### AIM OF THE TASK
The data below should be restated word for word, pictures omitted.

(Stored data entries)
[Start of section]
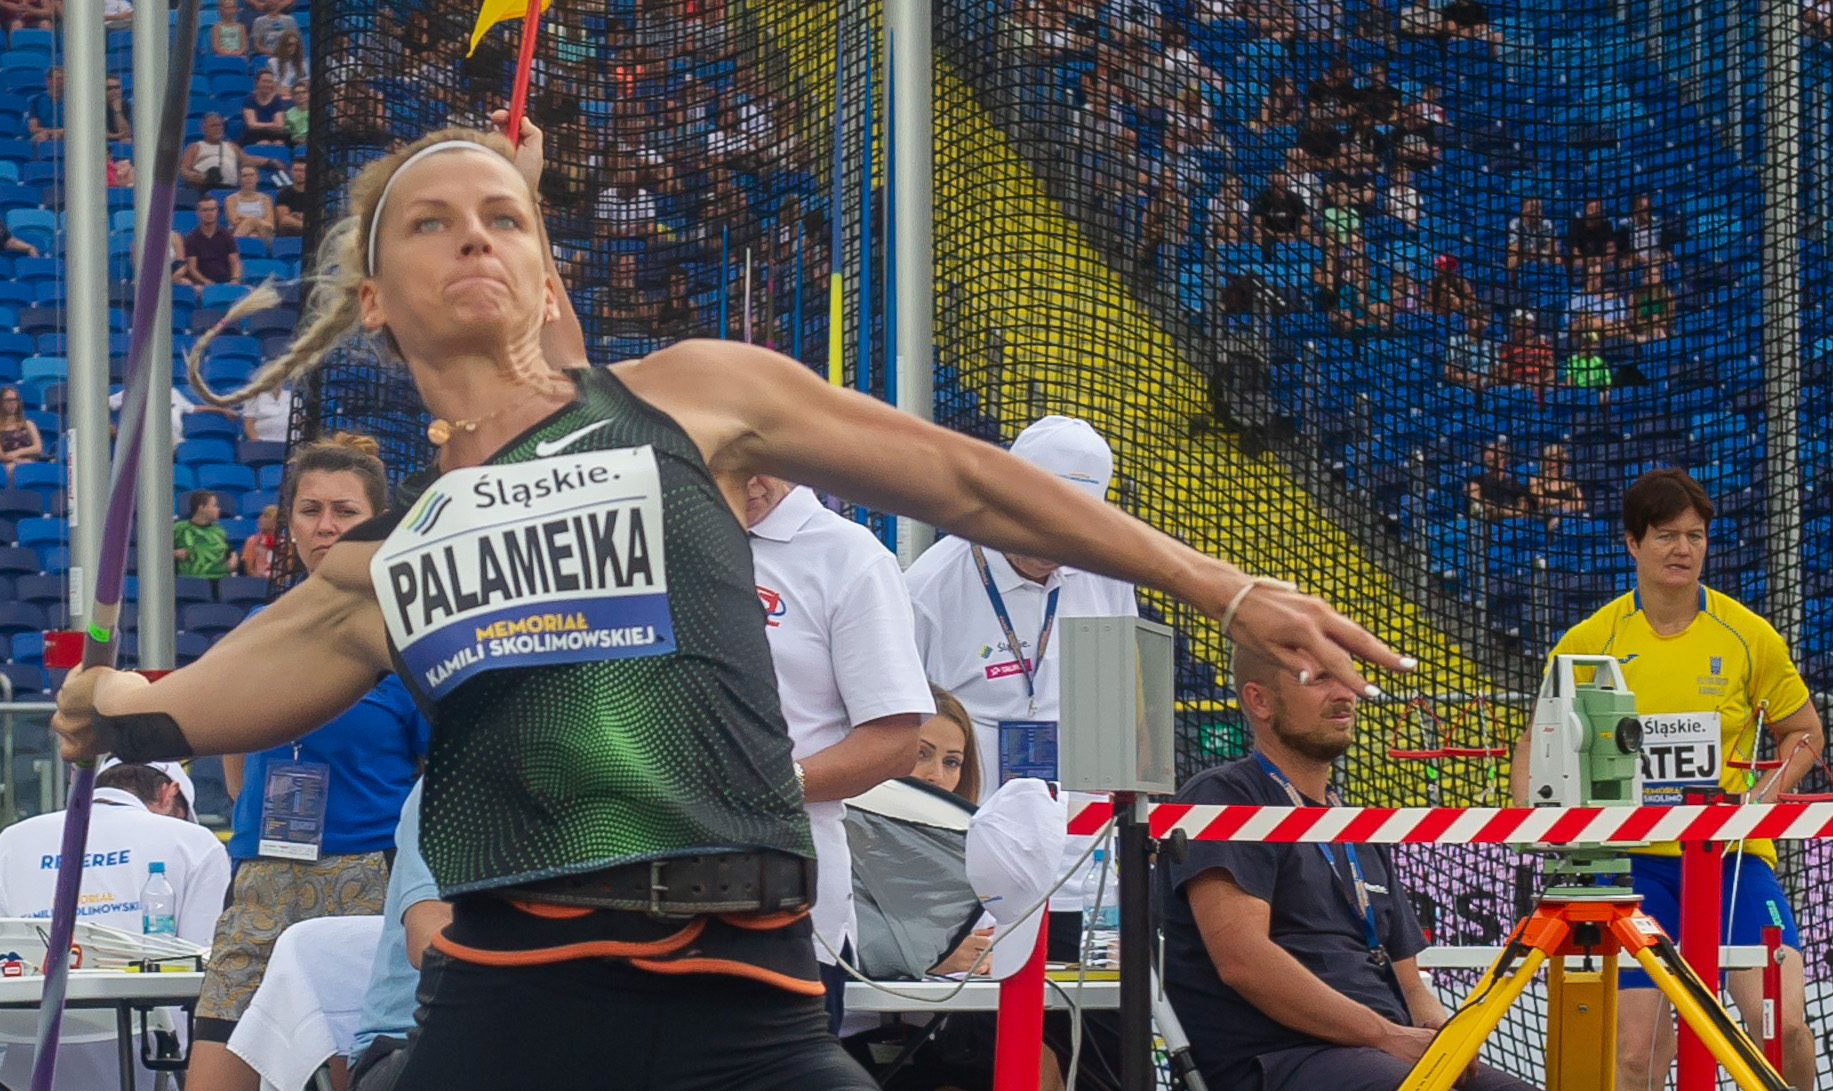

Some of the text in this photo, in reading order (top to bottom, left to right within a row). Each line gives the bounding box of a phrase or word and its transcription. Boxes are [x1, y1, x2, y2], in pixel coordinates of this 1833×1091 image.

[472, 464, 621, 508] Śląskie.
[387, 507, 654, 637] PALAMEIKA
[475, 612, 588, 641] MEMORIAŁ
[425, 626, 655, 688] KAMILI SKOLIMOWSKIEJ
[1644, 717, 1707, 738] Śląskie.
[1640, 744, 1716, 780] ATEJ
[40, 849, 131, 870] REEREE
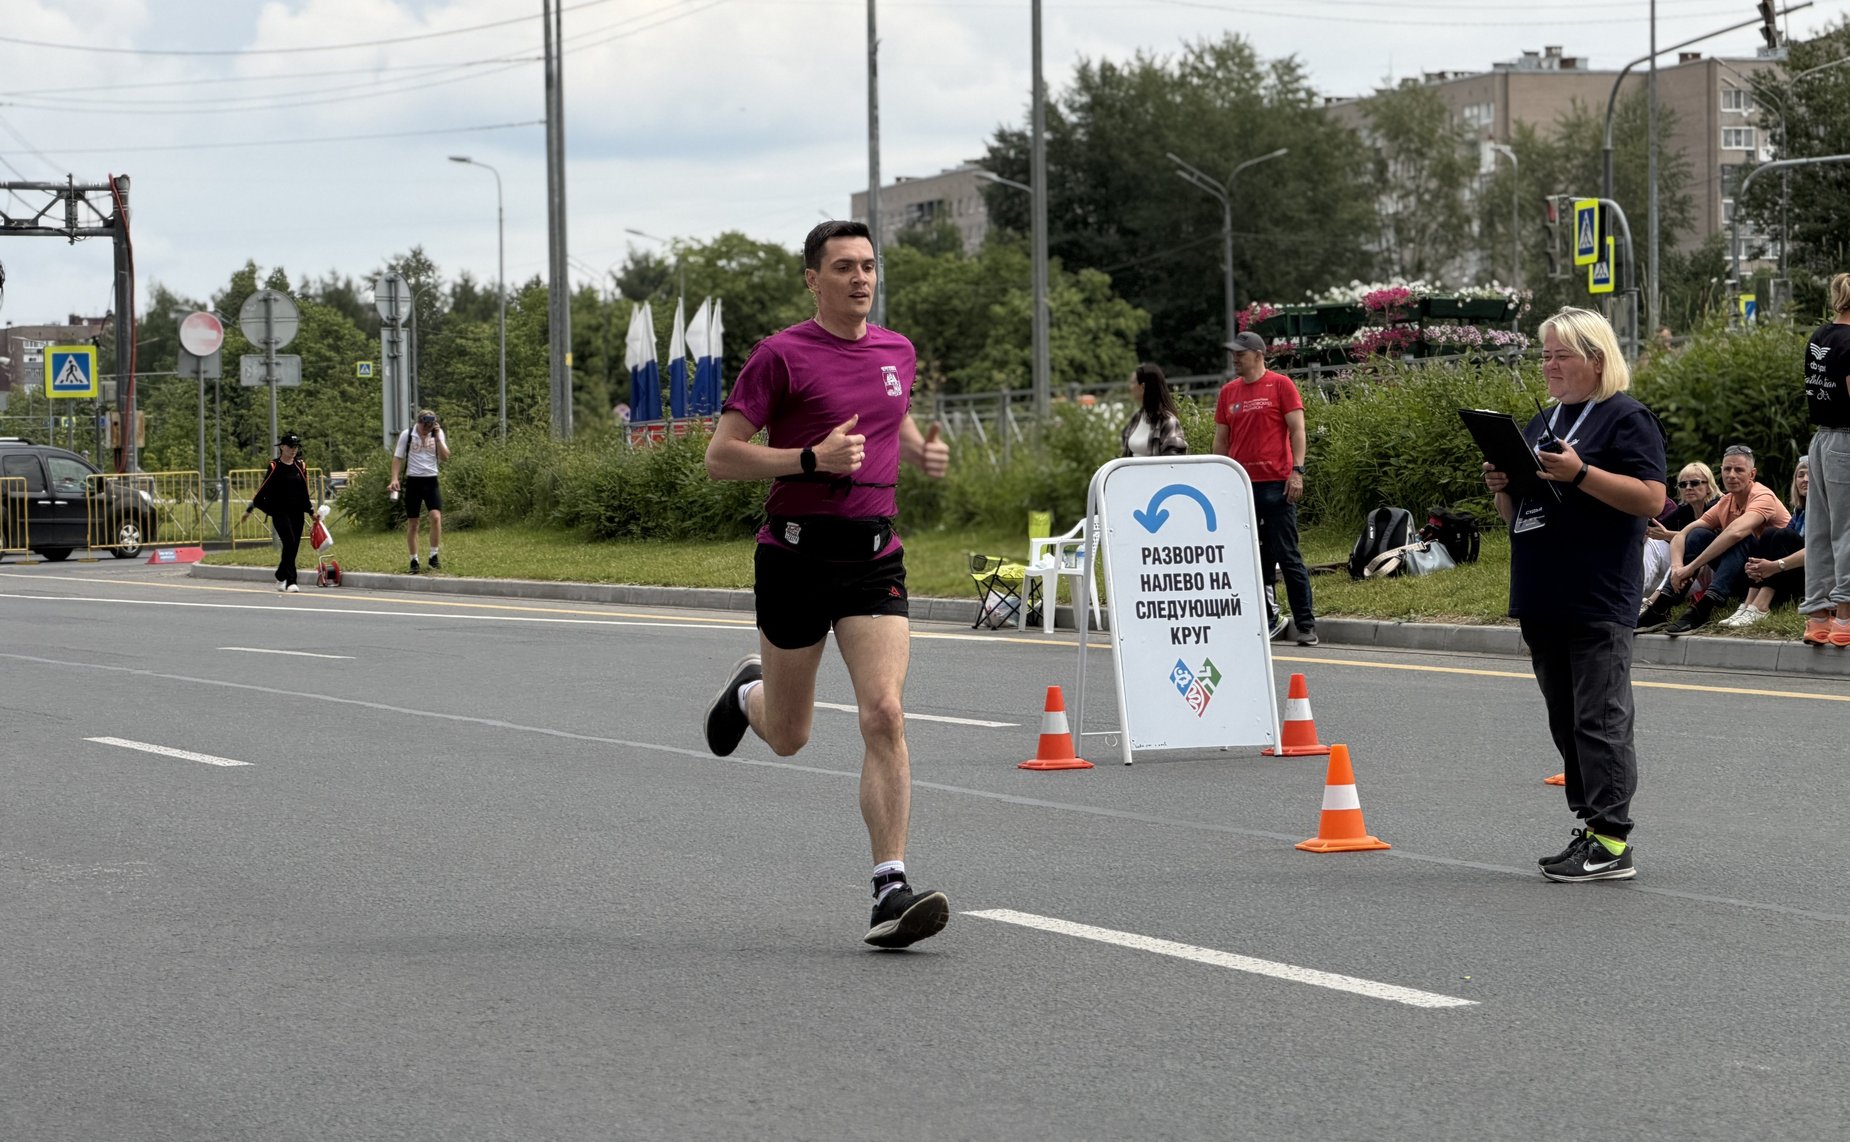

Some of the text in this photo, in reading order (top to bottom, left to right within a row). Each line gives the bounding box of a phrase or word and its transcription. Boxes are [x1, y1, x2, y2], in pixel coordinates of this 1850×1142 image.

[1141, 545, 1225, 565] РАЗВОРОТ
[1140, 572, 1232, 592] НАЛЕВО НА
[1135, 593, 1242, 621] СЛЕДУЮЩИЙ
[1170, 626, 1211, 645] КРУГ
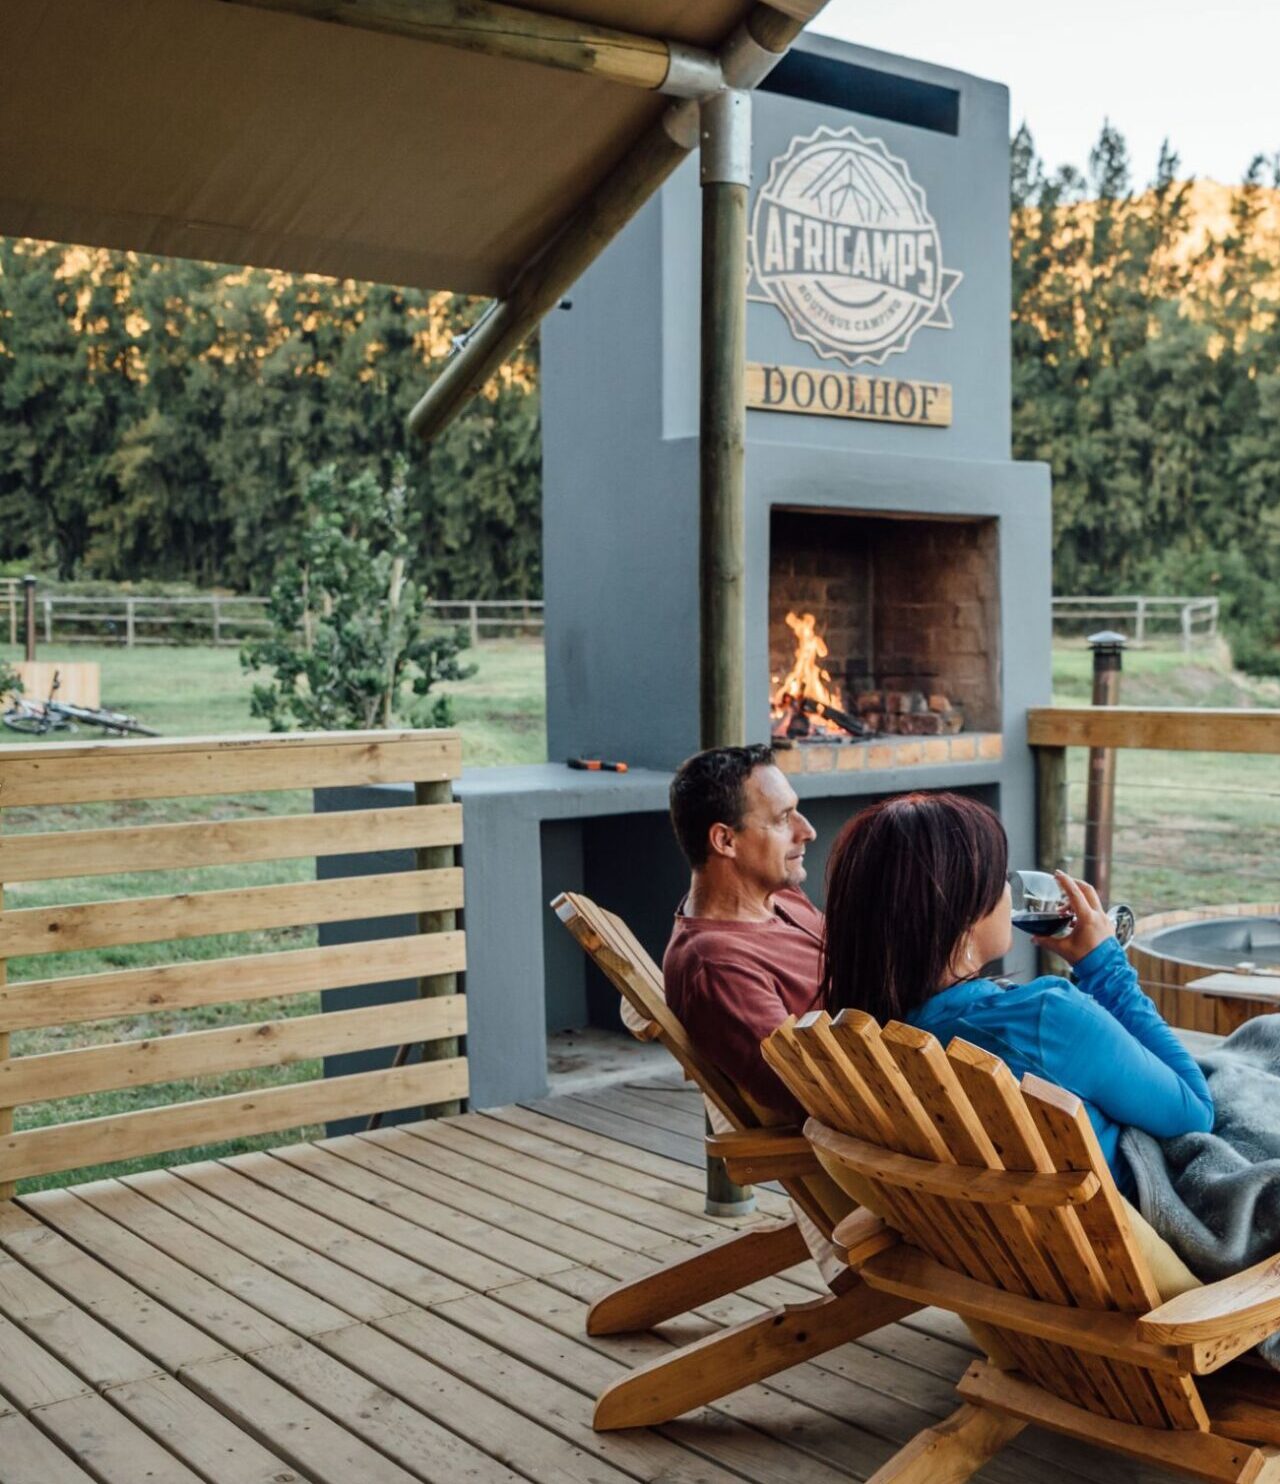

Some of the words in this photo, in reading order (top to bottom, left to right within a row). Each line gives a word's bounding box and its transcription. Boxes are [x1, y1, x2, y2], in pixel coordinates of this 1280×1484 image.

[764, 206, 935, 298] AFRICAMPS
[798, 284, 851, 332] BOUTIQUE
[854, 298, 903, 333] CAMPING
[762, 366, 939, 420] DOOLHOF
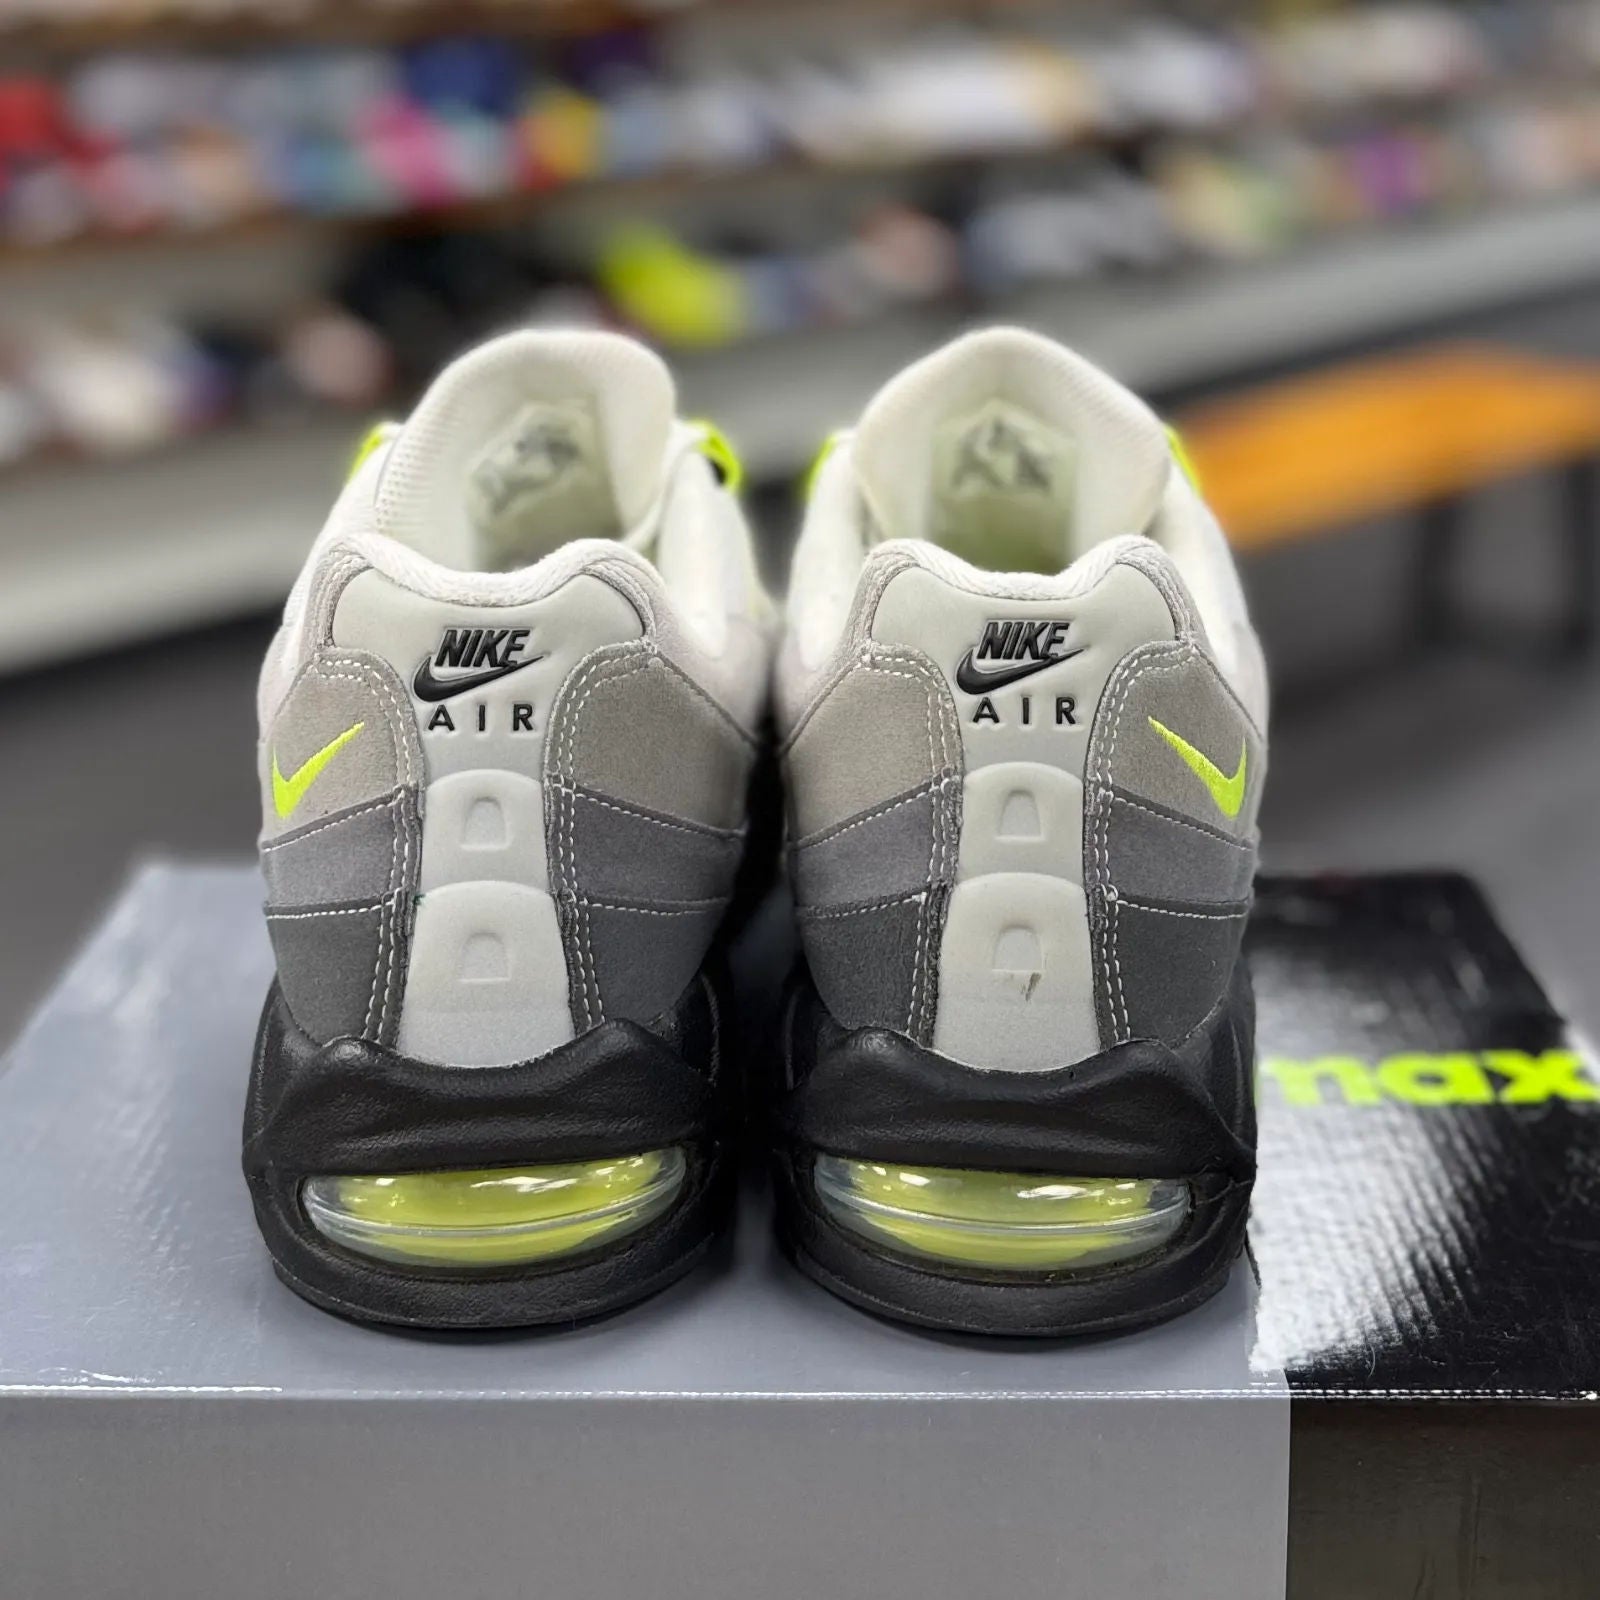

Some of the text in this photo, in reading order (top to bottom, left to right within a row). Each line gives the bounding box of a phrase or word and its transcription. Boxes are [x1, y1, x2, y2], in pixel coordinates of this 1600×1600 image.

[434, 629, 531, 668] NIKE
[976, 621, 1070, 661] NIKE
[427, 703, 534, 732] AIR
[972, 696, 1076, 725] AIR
[End of section]
### TASK ANSWER
Some of the text in this photo, in reading order (top to bottom, left to right within a row). Each line gives the bounding box of a phrase or word and its transcription. Boxes are [x1, y1, x2, y2], in pixel coordinates of this 1833×1091 image.

[472, 464, 621, 508] Śląskie.
[387, 507, 654, 637] PALAMEIKA
[475, 612, 588, 641] MEMORIAŁ
[425, 626, 655, 688] KAMILI SKOLIMOWSKIEJ
[1644, 717, 1707, 738] Śląskie.
[1640, 744, 1716, 780] ATEJ
[40, 849, 131, 870] REEREE

Some of the text in this photo, in reading order (top to bottom, left to right within a row). Each line gives the bounding box of a phrase or word and its transcription. Boxes are [x1, y1, x2, y2], in pixel coordinates of this 1850×1142 image.

[1141, 545, 1225, 565] РАЗВОРОТ
[1140, 572, 1232, 592] НАЛЕВО НА
[1135, 593, 1242, 621] СЛЕДУЮЩИЙ
[1170, 626, 1211, 645] КРУГ

Some of the words in this photo, in reading order (top to bottom, left to right within a row). Each line gives a word's bounding box and its transcription. Boxes are [x1, y1, x2, y2], in pixel coordinates of this 1280×1484 image.

[764, 206, 935, 298] AFRICAMPS
[798, 284, 851, 332] BOUTIQUE
[854, 298, 903, 333] CAMPING
[762, 366, 939, 420] DOOLHOF

Some of the text in this photo, in reading order (top to bottom, left to right within a row). Each line gives the bounding box of a phrase or word and its transcription. Boxes are [x1, y1, x2, y2], in pixel coordinates of this 1600×1600 image.

[434, 629, 531, 668] NIKE
[976, 621, 1070, 661] NIKE
[427, 703, 534, 732] AIR
[972, 696, 1076, 725] AIR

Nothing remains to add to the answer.